Author Interview with K. M. Waldvogel

In honor of Women’s History Month, I’m so happy to feature K.M. Waldvogel and her marvelous book, Spies, Soldiers, Couriers, & Saboteurs: Women of the American RevolutionThis is an interesting read for adults and kids! I love stories about our lesser known heroes in history. Each woman featured in this book is a great example of bravery in the face of danger and a commitment to a cause bigger than themselves. This is a super addition to any home, public library, or classroom collection. Well-written and well-researched, the book is a wonderful window to the past.

ABOUT THE BOOK: The Revolutionary War has divided the country. Neighbor has turned against neighbor. Family members argue with family members. Angry rumblings of "no taxation without representation" surround you.


You dream of a new country and crave independence from Britain. But do you have the courage to act on your feelings? Will you spy on the enemy? Will you fight for freedom? Are you willing to risk your life for your beliefs?


These are the stories of courageous women who did just that.







And I was pleased K.M. (Kathy) Waldvogel, had the time for an interview. Kathy and I have known each other for a number of years through our membership in the Society of Children’s Book Writers and Illustrators, so it’s lovely to celebrate her book during March along with women’s history.  

Q. Kathy, can you tell us a little bit about yourself and your writing adventures so far?

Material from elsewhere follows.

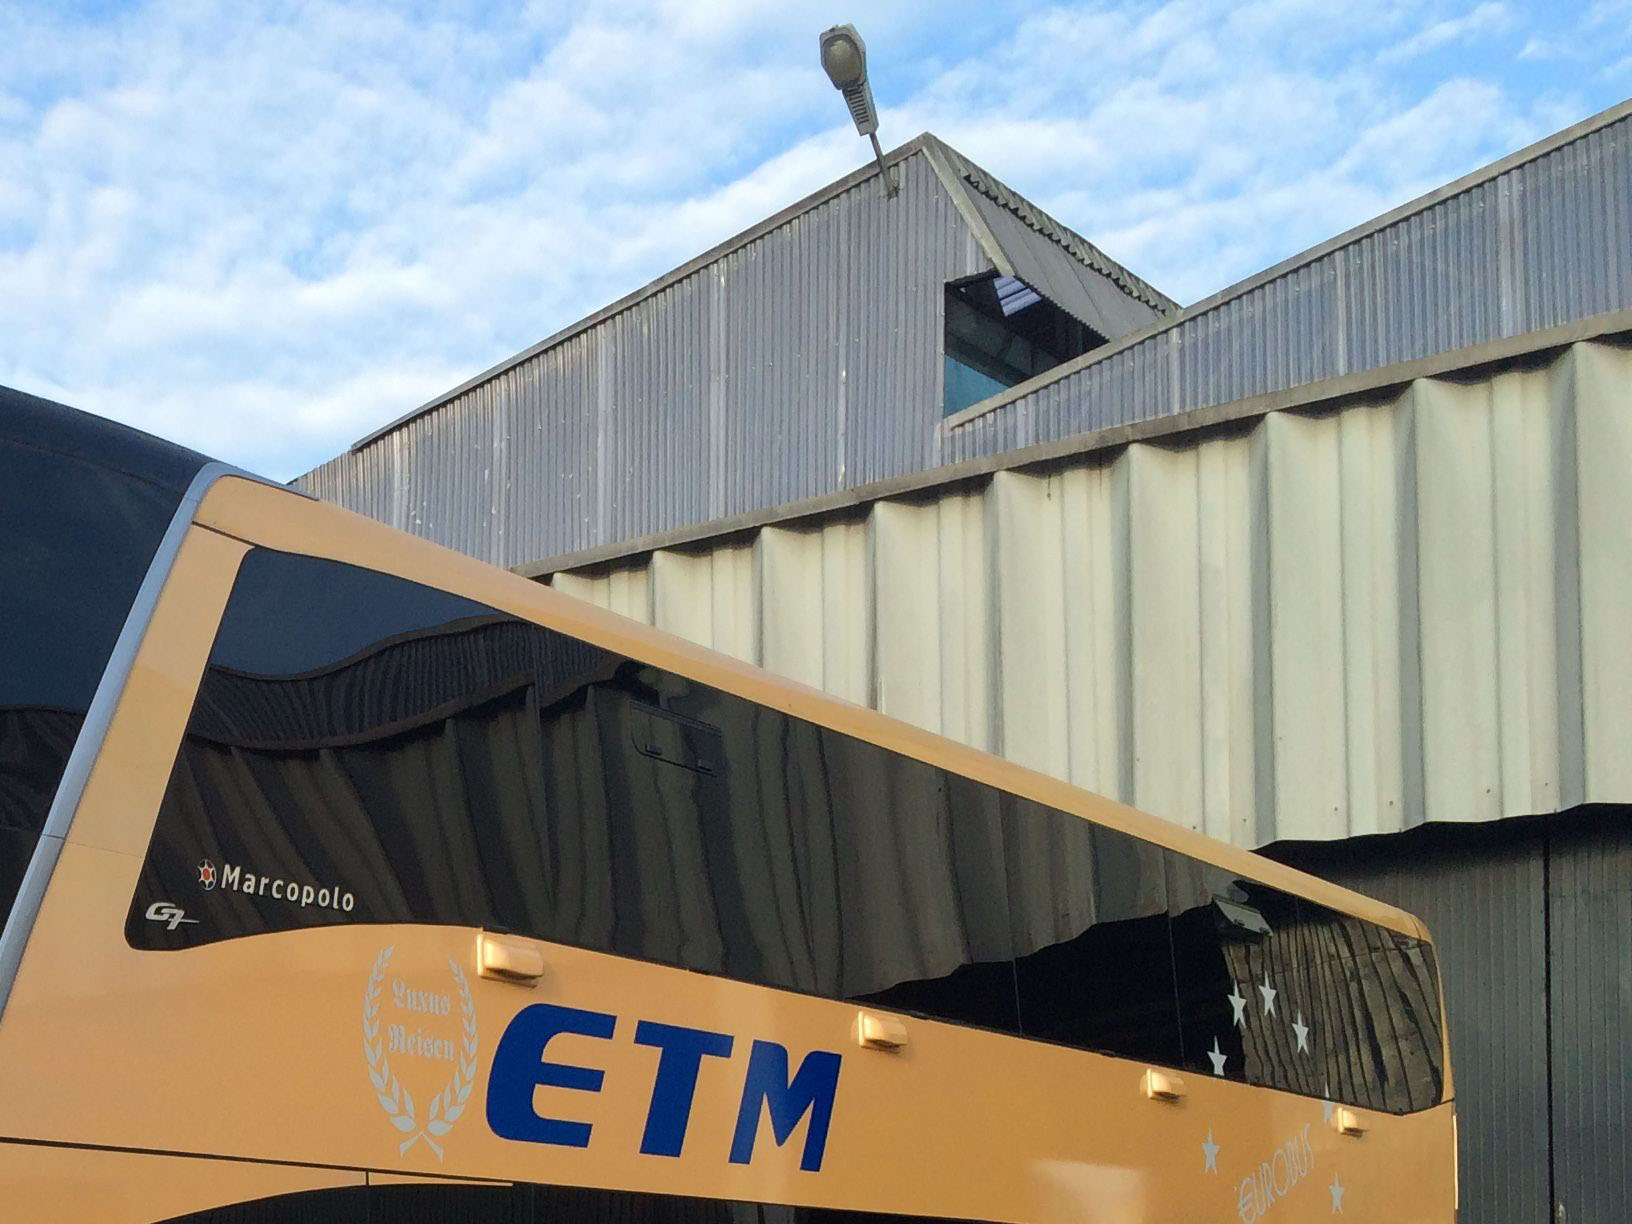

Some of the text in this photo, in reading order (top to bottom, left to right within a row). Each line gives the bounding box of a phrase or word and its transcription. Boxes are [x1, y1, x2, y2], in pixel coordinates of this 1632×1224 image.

[220, 863, 355, 912] Marcopolo
[392, 977, 450, 1017] Luxus
[485, 1002, 844, 1173] ETM

A. Thank you so much Valerie! I have been writing since fourth grade when my teacher complimented my writing and encouraged me to continue. While I was growing up, I wrote stories that I would share with my best friend – who today is still my biggest fan – and I found that writing brought me joy.

I mustered my courage and started submitting stories to various writing contests. I had some success with that, so began writing longer pieces. I also joined several writing critique groups to help me improve my craft.

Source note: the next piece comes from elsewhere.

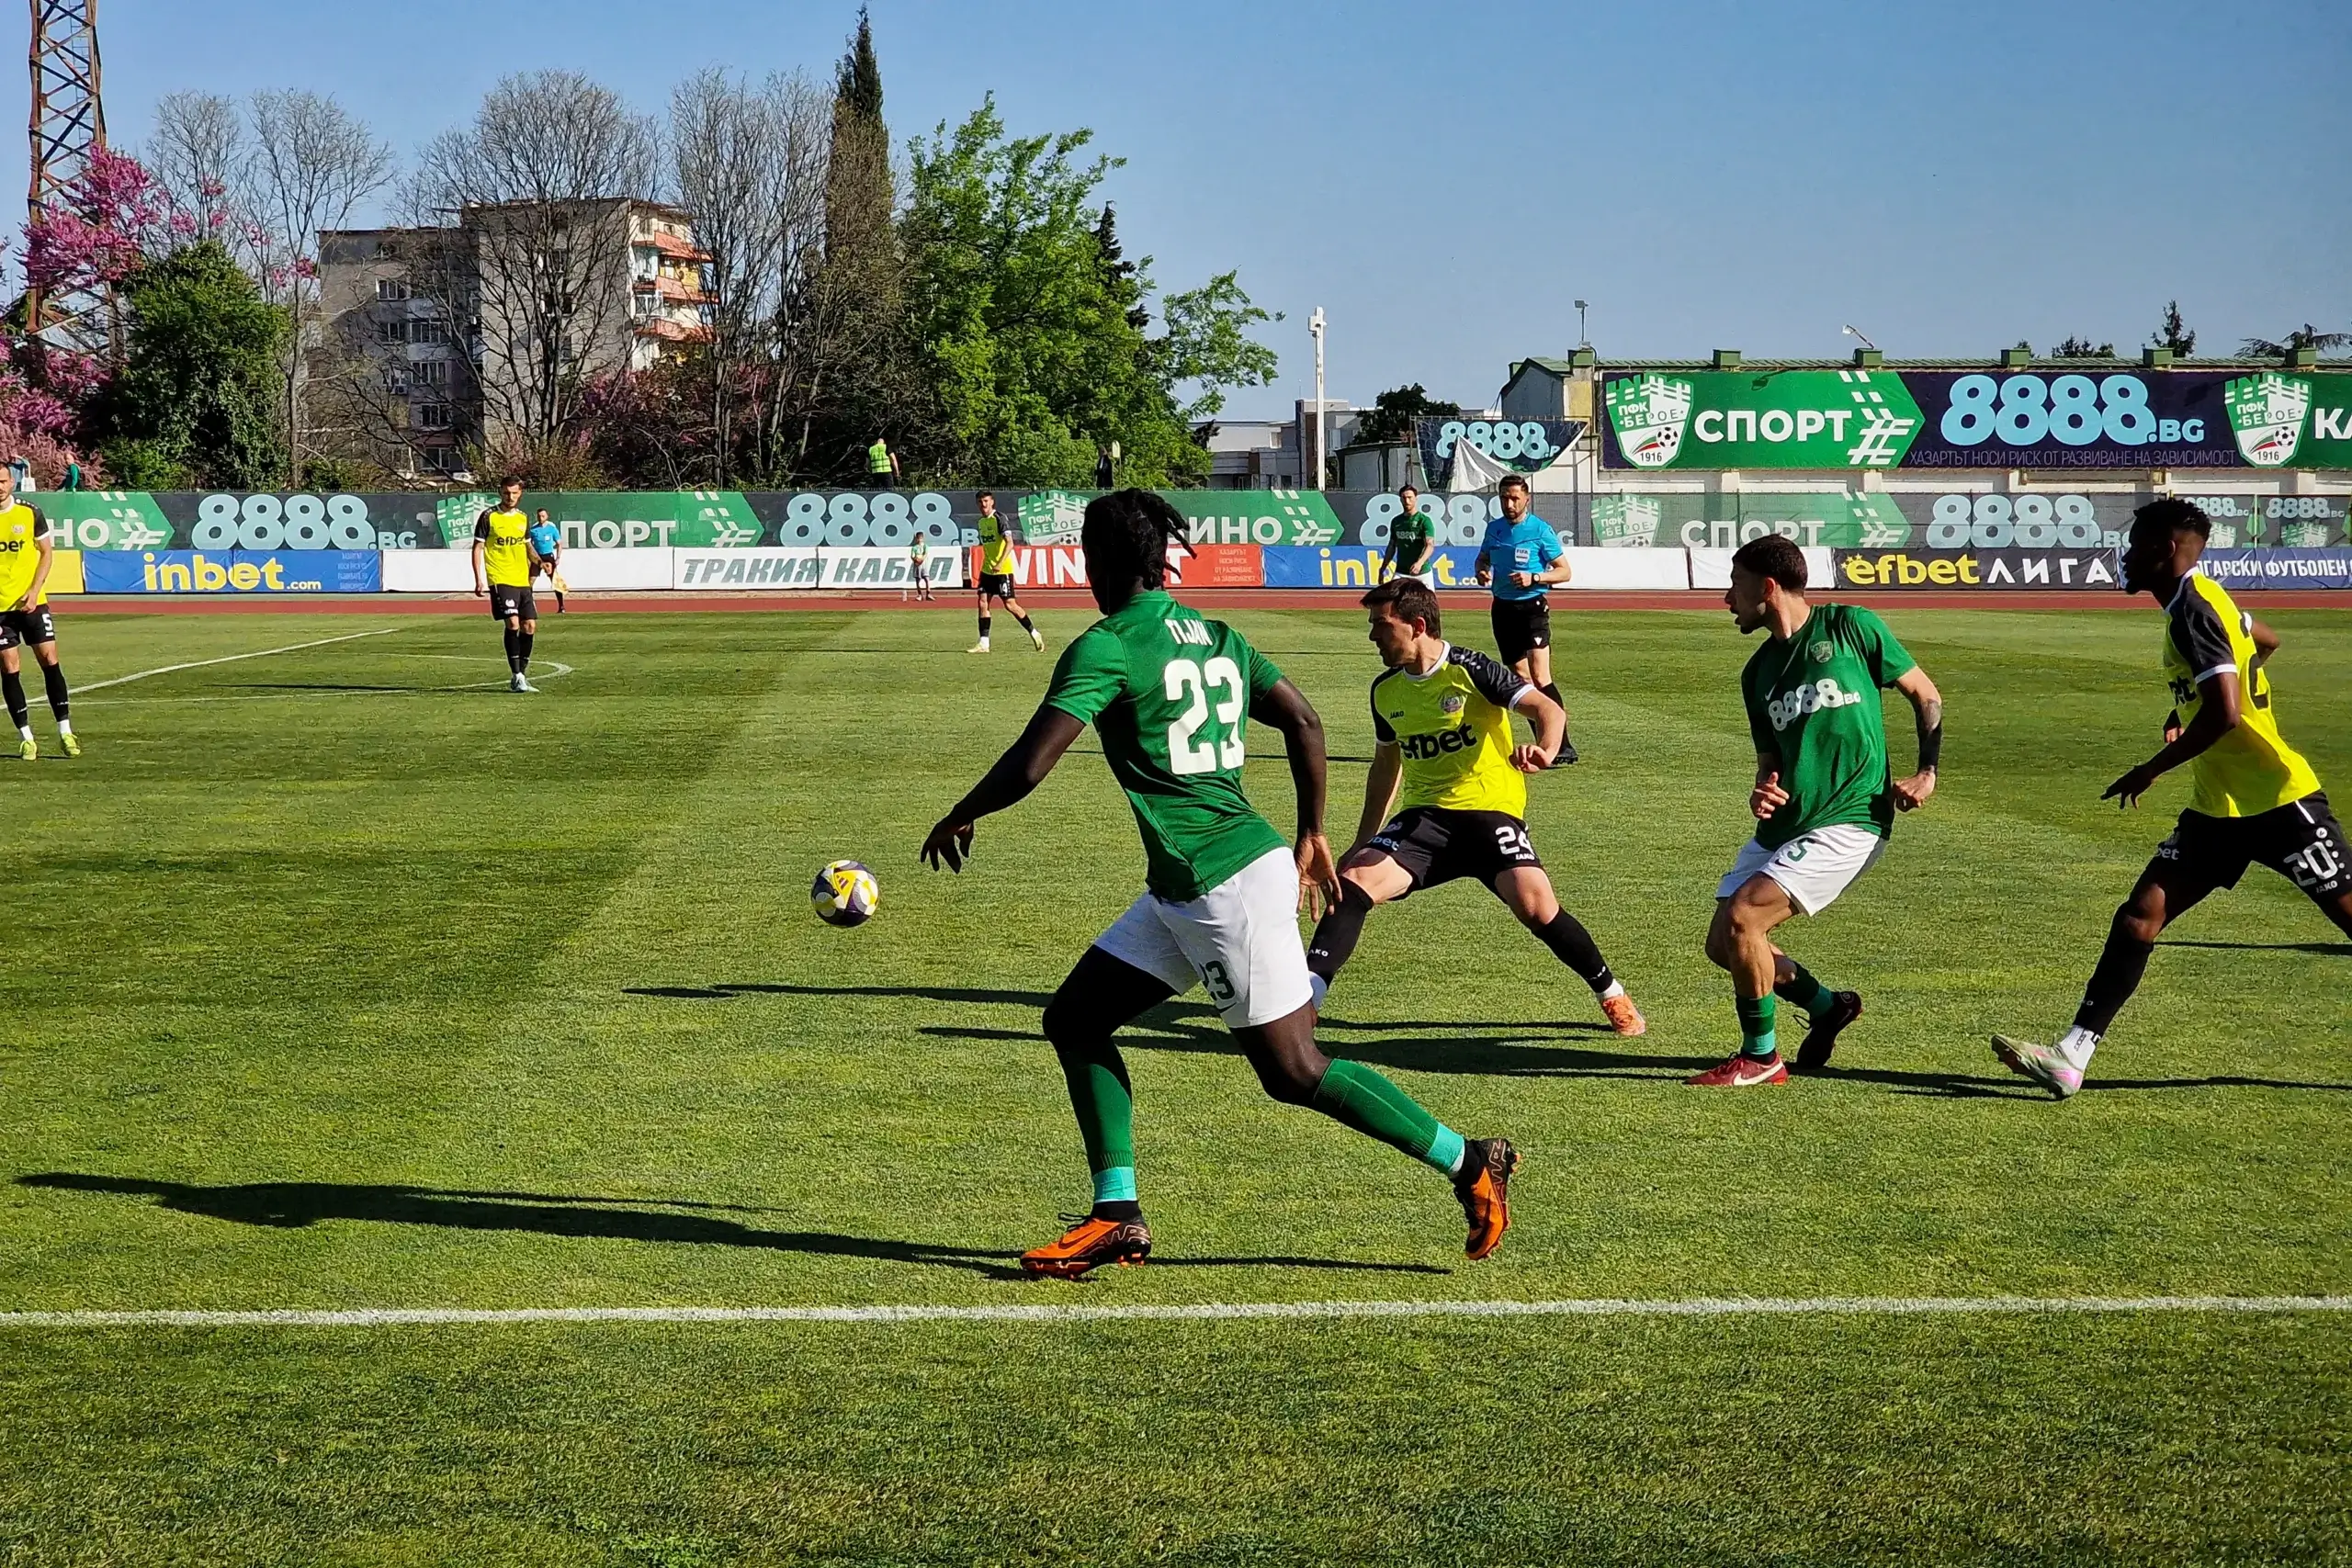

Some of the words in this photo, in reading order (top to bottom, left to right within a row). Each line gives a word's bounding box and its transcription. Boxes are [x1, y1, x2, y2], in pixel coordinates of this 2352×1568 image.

As I began my research for Spies, Soldiers, Couriers, and Saboteurs: Women of the American Revolution, I realized this would be a lengthy project as it involved a great deal of research – some online and some visiting museums and historic sites out east.  The book took me six years to research and finish writing, but I’m thrilled that it was published.

At the same time that I was working on my middle-grade book, I also wrote a rhyming picture book titled Three Little Ghosts. I wrote this after spending Halloween with my grandchildren and I tried to capture their excitement of the holiday. I’m also the author of Whoo, Whoo, Who’s Out There?  My inspiration for Whoo, Whoo came from seeing a baby owl in a tree. His eyes were so huge and he looked so scared and vulnerable that I wanted to write about the uncertainty many of us feel when in a situation where we feel alone.

In addition, I have a story in Chicken Soup for the Soul: Attitude of Gratitude. This piece of nonfiction deals with my husband and I recognizing changes in life and our attempt at downsizing. While I’m thrilled to be included in this book, my heart really is in writing for children.

Q. Would you be willing to share with readers the different types of jobs you’ve had? I always like to ask authors this, mainly because authors always seem to have had interesting job histories.

A. Oh, I have had a lot of different jobs! Starting with high school, here we go!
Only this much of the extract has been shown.